Sitagliptin/metformin

Combination of
- Sitagliptin: Dipeptidyl peptidase-4 inhibitor
- Metformin: Biguanide

Clinical data
- Trade names: Janumet, Januet, others
- AHFS/Drugs.com: Professional Drug Facts
- License data: US DailyMed: Sitagliptin and metformin;
- Pregnancy category: AU: C;
- Routes of administration: By mouth
- ATC code: A10BD07 (WHO) ;

Legal status
- Legal status: AU: S4 (Prescription only); CA: ℞-only; UK: POM (Prescription only); US: ℞-only; EU: Rx-only; In general: ℞ (Prescription only);

Identifiers
- KEGG: D10261;

= Sitagliptin/metformin =

Pharmaceutical drug

Sitagliptin/metformin, sold under the brand name Janumet among others, is a fixed-dose combination anti-diabetic medication used to treat type 2 diabetes. It may be used in those whose blood sugar is not controlled with metformin and a sulfonylurea. It is taken by mouth.

Common side effects include diarrhea, headache, and upper respiratory tract infections. Serious side effects may include lactic acidosis, pancreatitis, low blood sugar, heart failure, joint pain, and allergic reactions. It has not been properly studied in women who are pregnant or breastfeeding.
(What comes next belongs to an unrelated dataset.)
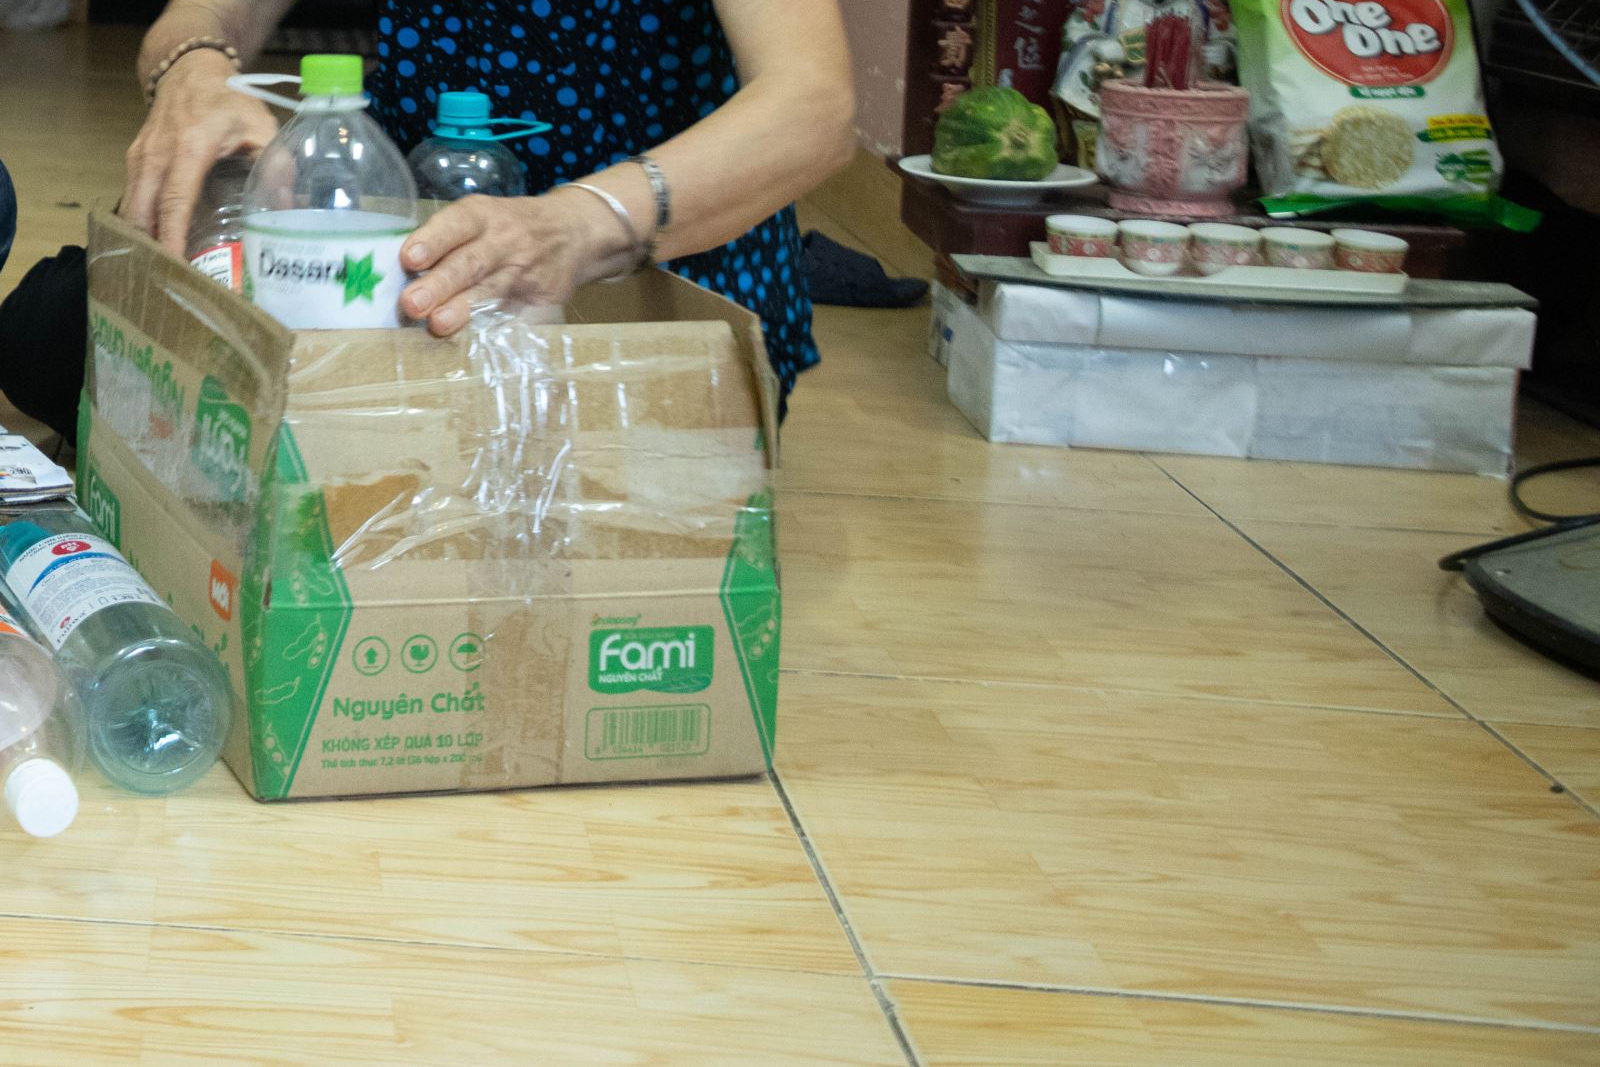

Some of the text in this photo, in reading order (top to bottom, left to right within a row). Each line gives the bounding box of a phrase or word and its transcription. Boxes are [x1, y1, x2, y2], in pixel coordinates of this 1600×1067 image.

It contains sitagliptin (a dipeptidyl peptidase-4 inhibitor) and metformin (a biguanide).

The combination was approved for medical use in the United States in 2007. In 2022, it was the 182nd most commonly prescribed medication in the United States, with more than 2 million prescriptions. It is available as a generic medication.

== Medical uses ==
In the United States, sitagliptin/metformin is indicated as an adjunct to diet and exercise to improve glycemic control in adults with type 2 diabetes.

In the European Union, sitagliptin/metformin is indicated as an adjunct to diet and exercise to improve glycemic control in people with type 2 diabetes; in combination with a sulfonylurea as an adjunct to diet and exercise "in people inadequately controlled on their maximal tolerated dose of metformin and a sulfonylurea; as triple combination therapy with a peroxisome proliferator-activated receptor (PPAR) agonist (i.e., a thiazolidinedione) as an adjunct to diet and exercise in people inadequately controlled on their maximal tolerated dose of metformin and a PPAR agonist; and as add-on to insulin as an adjunct to diet and exercise to improve glycemic control in people when stable dosage of insulin and metformin alone do not provide adequate glycemic control."

In December 2020, the U.S. Food and Drug Administration (FDA) approved labeling changes stating that Januvia (sitagliptin), Janumet (sitagliptin and metformin hydrochloride), and Janumet XR (sitagliptin and metformin hydrochloride extended-release) are not proven to improve glycemic (blood sugar) control in children aged 10 to 17 with type 2 diabetes. The drugs are approved to improve blood sugar control in adults aged 18 and older with type 2 diabetes.

==Society and culture==

===Brand names===
As of 2018, the combination is marketed under several brand names, including Efficib, Janmet, Januet, Janumet, Jznumet, Ristaben Met, Ristfor, Siglimet, Sitamet, Sitar-M, Sliptin-M, Treviamet, Velmetia, Istamet, Emsita, Sitaglyn, Sitazit-M, and Zaxoran.